Please return every entry below exactly as written, without any of its pictures.

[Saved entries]
[Start of section]
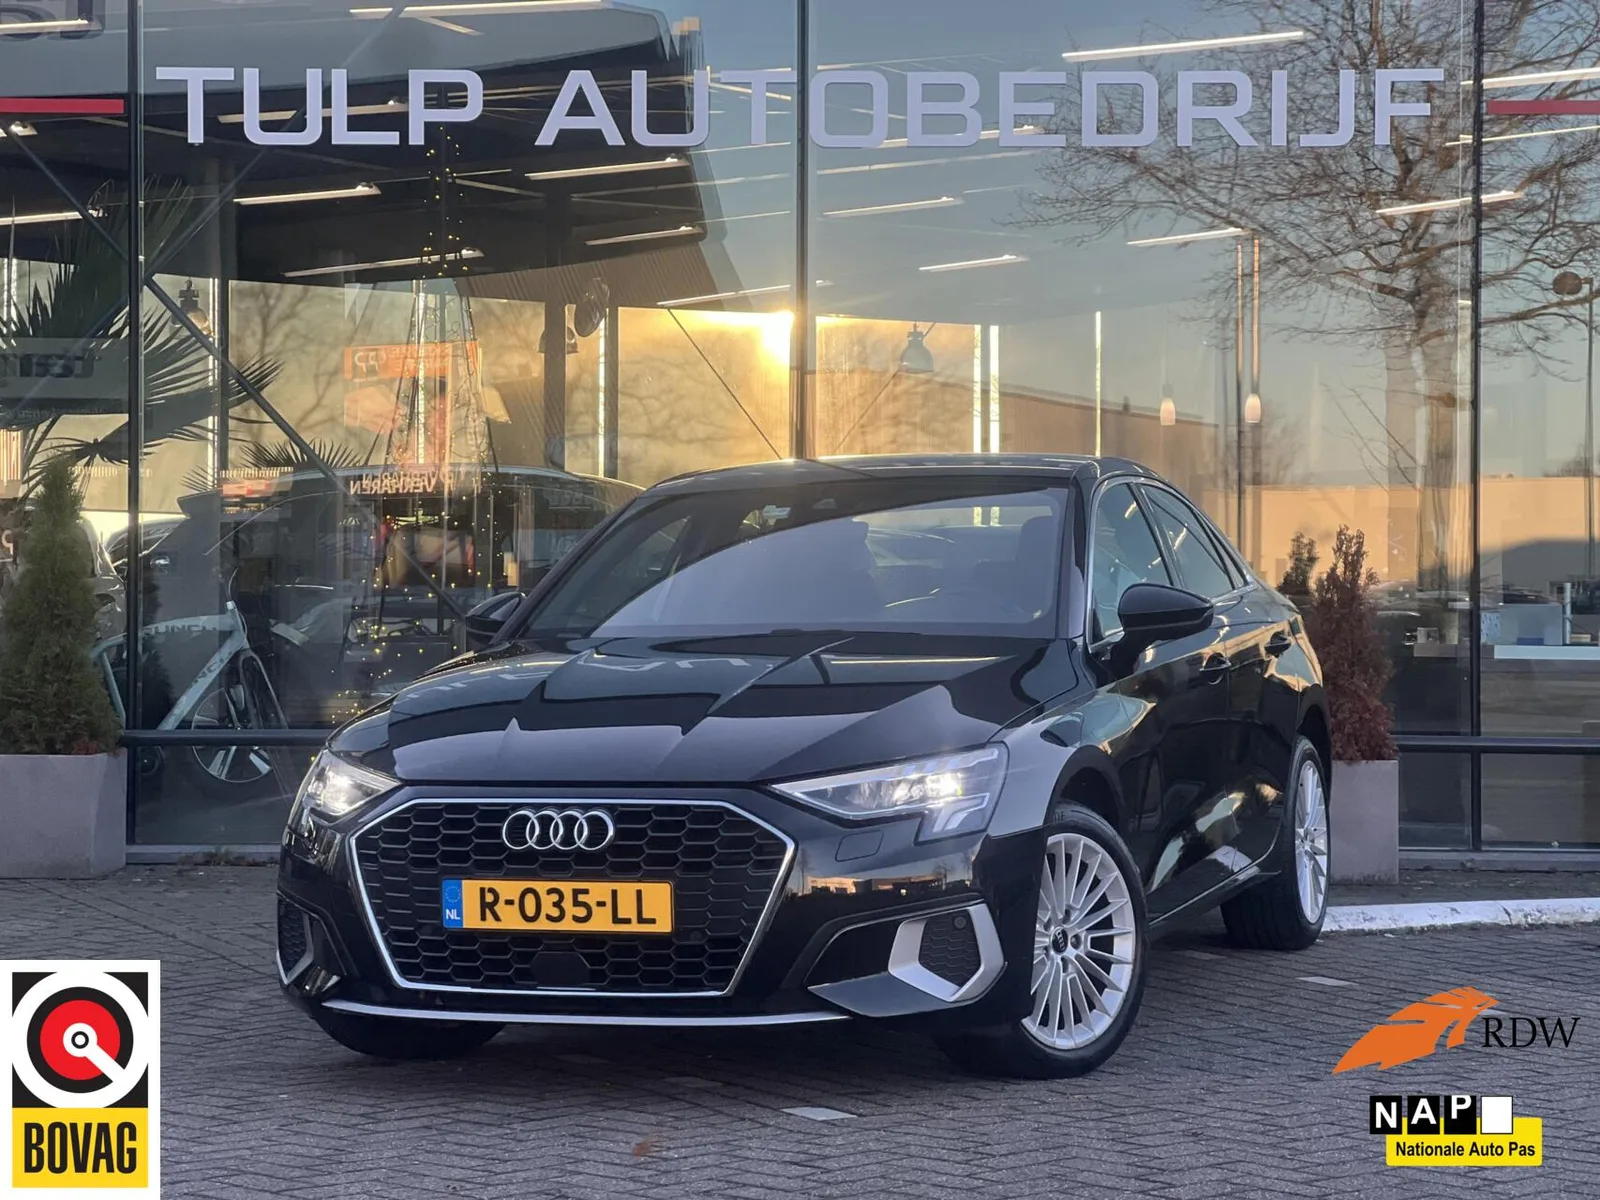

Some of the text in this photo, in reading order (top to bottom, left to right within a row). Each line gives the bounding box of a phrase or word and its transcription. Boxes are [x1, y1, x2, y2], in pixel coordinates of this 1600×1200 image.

[156, 67, 1444, 149] TULP AUTOBEDRIJF
[446, 887, 656, 924] NL R-035-LL
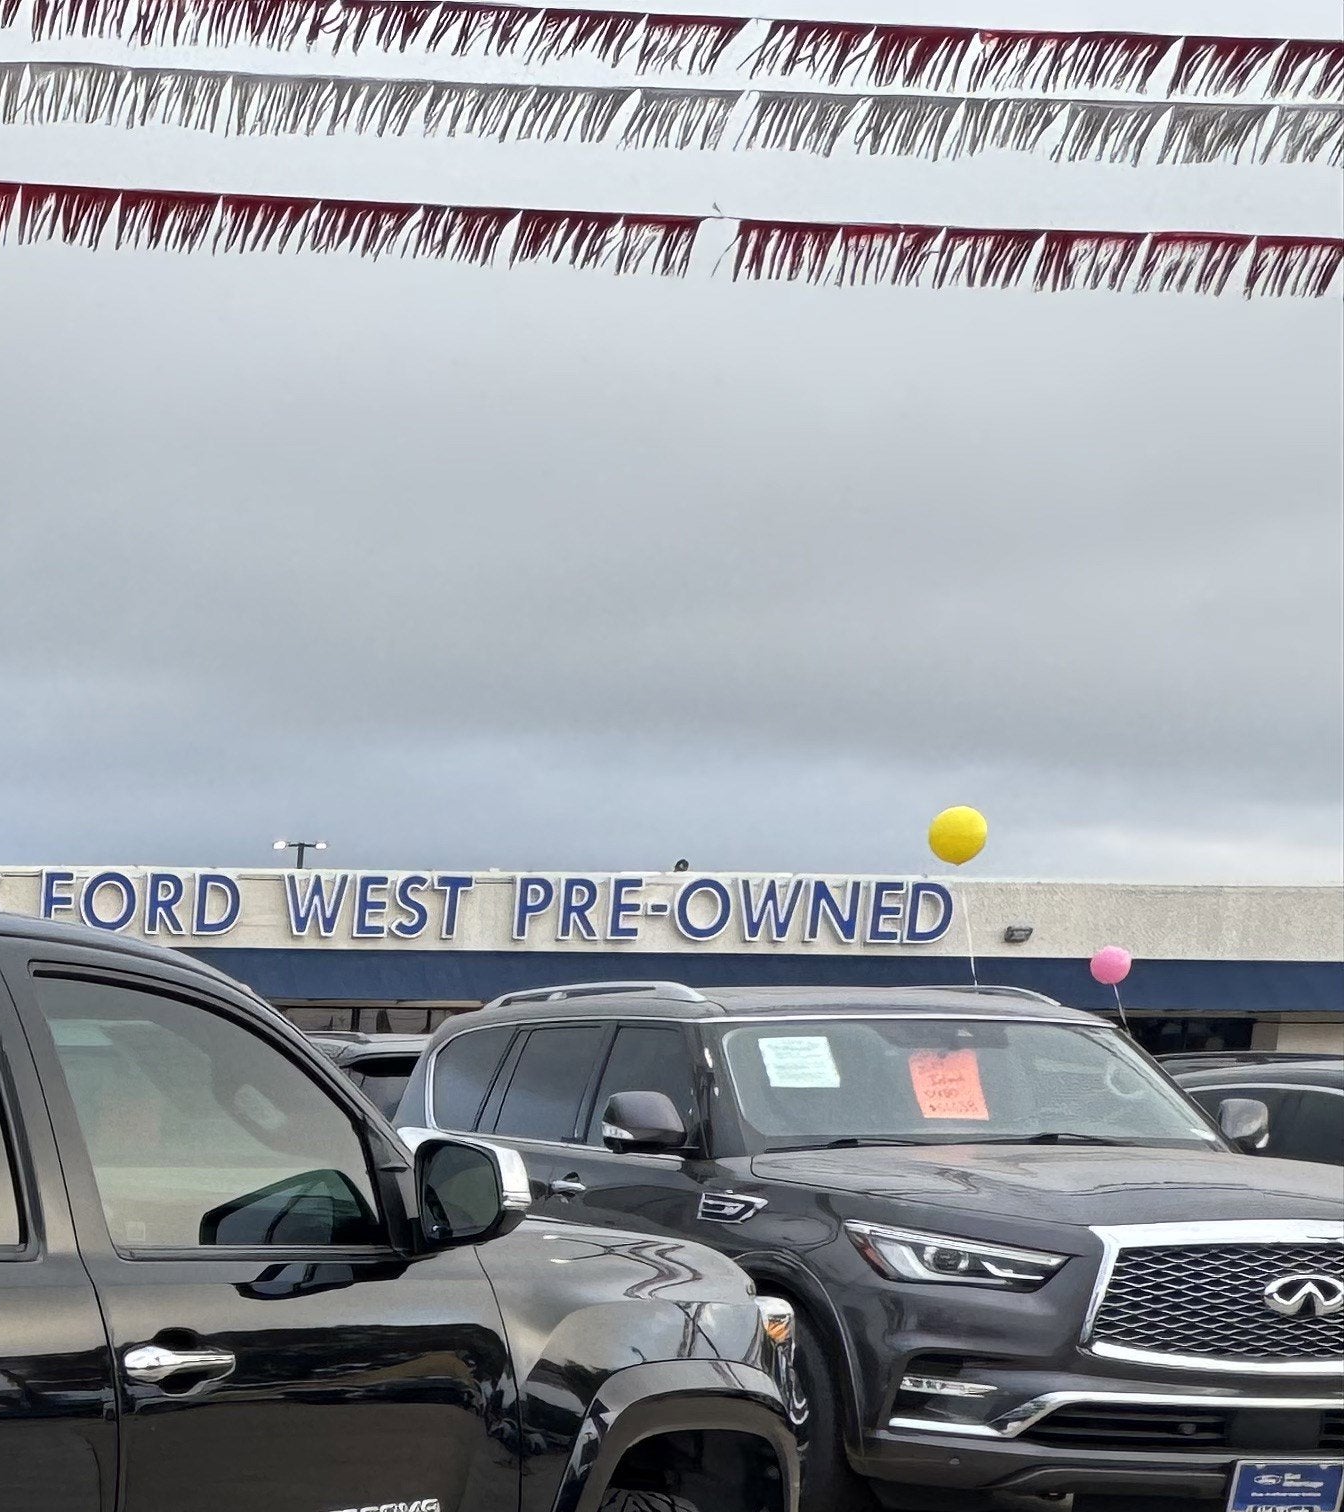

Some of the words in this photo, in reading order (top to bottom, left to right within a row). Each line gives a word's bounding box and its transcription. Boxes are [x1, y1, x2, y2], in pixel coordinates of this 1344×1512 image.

[40, 871, 241, 934] FORD
[286, 873, 473, 938] WEST
[512, 876, 954, 945] PRE-OWNED
[End of section]
## Answer
Some of the text in this photo, in reading order (top to bottom, left to right within a row). Each line gives the bounding box of a phrase or word and its transcription. Boxes are [x1, y1, x2, y2], in pixel coordinates of this 1600×1200 image.

[156, 67, 1444, 149] TULP AUTOBEDRIJF
[446, 887, 656, 924] NL R-035-LL

Some of the words in this photo, in reading order (top to bottom, left to right within a row). Each line gives a word's bounding box and its transcription. Boxes are [x1, y1, x2, y2], in pixel coordinates of this 1344×1512 image.

[40, 871, 241, 934] FORD
[286, 873, 473, 938] WEST
[512, 876, 954, 945] PRE-OWNED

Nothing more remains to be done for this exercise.